My whole life, I’ve been living and working with some very logical-minded people. As an emotive person, I have often found it difficult to translate my emotional expression into language that makes sense to the logical-minded people in my life. With this project, I aimed to incorporate an emotion many people (even the most logical-minded folks) strive for, happiness, into an algorithmic process. The code you see in “An Algorithm for Happiness” was written using a syntax mimicking Processing, a visual programming language.
Jumping for Joy (Over Unexpected Hurdles)
“An Algorithm for Happiness” is the second video project I’ve ever worked on. Before a couple of months ago, the techniques of videography and Final Cut Pro were pretty much foreign to me. Needless to say, when I imported my footage after shooting, I was pretty upset to discover that every single shot I’d recorded looked a bit jumpy. Perhaps I was asking too much of the computer, or perhaps I was setting a high bar for myself, but I decided that I needed to rethink how I was going to use the clips I’d already shot. It was my creative guru, my mom, who suggest putting everything in slow motion. I took the idea and ran with it, or walked with it, as the case may be. In the end, a problem I thought was irreversible turned out to be an unexpected creative push in a better direction. After putting everything together, I realized that I wouldn’t have wanted to do it any other way.

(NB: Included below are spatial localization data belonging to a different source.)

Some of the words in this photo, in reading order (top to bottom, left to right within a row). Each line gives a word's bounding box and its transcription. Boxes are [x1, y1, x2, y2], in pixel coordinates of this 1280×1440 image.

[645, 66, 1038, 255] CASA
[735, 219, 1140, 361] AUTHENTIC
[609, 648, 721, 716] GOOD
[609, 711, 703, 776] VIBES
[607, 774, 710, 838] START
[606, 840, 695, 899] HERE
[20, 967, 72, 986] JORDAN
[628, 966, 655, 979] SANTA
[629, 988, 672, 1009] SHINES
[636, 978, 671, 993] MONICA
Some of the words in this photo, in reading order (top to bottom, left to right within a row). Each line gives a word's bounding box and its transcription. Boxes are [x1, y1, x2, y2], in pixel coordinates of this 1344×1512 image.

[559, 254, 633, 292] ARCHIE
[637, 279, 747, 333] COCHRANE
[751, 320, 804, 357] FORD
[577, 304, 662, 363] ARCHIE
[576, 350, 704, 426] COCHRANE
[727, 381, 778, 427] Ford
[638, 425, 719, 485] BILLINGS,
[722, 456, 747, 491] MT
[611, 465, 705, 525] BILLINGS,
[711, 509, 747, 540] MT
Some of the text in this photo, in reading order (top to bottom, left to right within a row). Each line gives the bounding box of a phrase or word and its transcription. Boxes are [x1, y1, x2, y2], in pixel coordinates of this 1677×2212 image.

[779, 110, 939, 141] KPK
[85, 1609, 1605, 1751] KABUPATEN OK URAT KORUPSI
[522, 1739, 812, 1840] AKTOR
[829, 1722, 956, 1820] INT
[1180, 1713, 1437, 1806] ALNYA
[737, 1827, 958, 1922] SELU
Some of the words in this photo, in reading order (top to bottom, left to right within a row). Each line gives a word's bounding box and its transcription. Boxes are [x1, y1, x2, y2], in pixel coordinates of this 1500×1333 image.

This situation also reinforced what I’ve been learning in graduate school – design is an iterative process. The best designs generally don’t come from the first try, and they almost never turn out how we originally expected them to. If we let them, our designs seem to take on a life of their own. Part of being a “good designer” isn’t just solving the problems we encounter, it’s about being able to reframe the “problems” and instead see them as opportunities to approach the project from a different direction.
What’s Your Happy Algorithm?
I didn’t want to make this video just for the sake of having an assignment to hand in on the final day of class – I wanted it to have a message for viewers to takeaway. I tried to break down exactly what it was about certain things I experience almost every day that really made me happy. I want viewers to look at the code and reflect on their own happiness. In an age of incessant digital media, it’s easy to get caught up in the bad news. It’s not hard to get distracted by negativity and to gloss over the things in life that do make us happy, no matter how small or seemingly inconsequential. For different people, reaching “complete” happiness might involve working your dream job, being financially stable, love, and a lot of other things that many people spend their whole lives trying to attain. But happiness doesn’t start there. Happiness grows from taking a moment, slowing down, and appreciating the things you already do have. I’ve shared part of mine, so I challenge you to consider: what’s your happy algorithm?